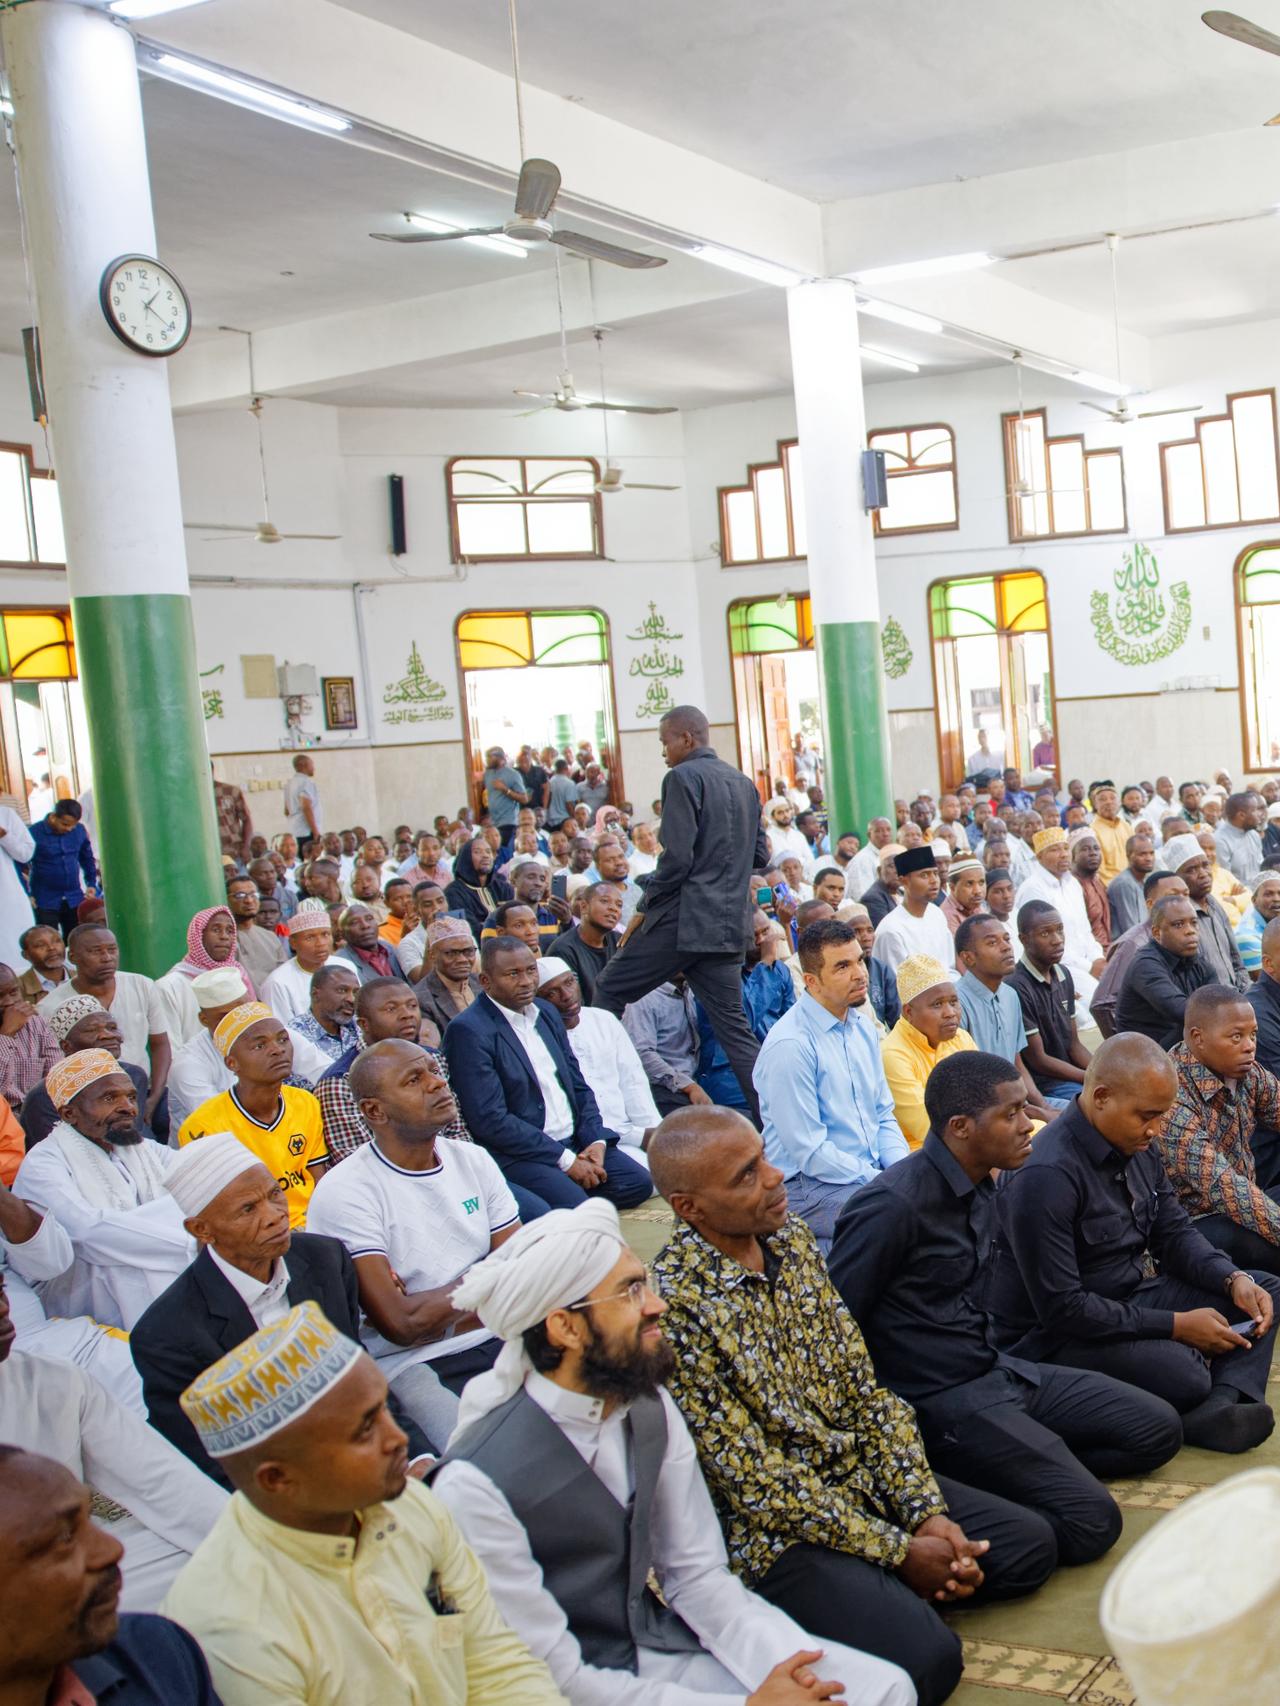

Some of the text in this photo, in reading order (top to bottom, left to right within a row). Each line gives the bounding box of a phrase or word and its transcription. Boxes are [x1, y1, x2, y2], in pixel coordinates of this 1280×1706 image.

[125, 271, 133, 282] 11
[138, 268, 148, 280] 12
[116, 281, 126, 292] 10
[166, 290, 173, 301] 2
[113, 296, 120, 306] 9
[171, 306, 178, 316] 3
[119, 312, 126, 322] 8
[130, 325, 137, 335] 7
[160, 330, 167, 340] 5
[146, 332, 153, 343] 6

**Instructions for the task:**
Print the records again exactly. Skip every picture.

**Result for this exercise:**
Some of the text in this photo, in reading order (top to bottom, left to right within a row). Each line gives the bounding box of a phrase or word and its transcription. Boxes are [x1, y1, x2, y2], in pixel coordinates of this 1280×1706 image.

[125, 271, 133, 282] 11
[138, 268, 148, 280] 12
[116, 281, 126, 292] 10
[166, 290, 173, 301] 2
[113, 296, 120, 306] 9
[171, 306, 178, 316] 3
[119, 312, 126, 322] 8
[130, 325, 137, 335] 7
[160, 330, 167, 340] 5
[146, 332, 153, 343] 6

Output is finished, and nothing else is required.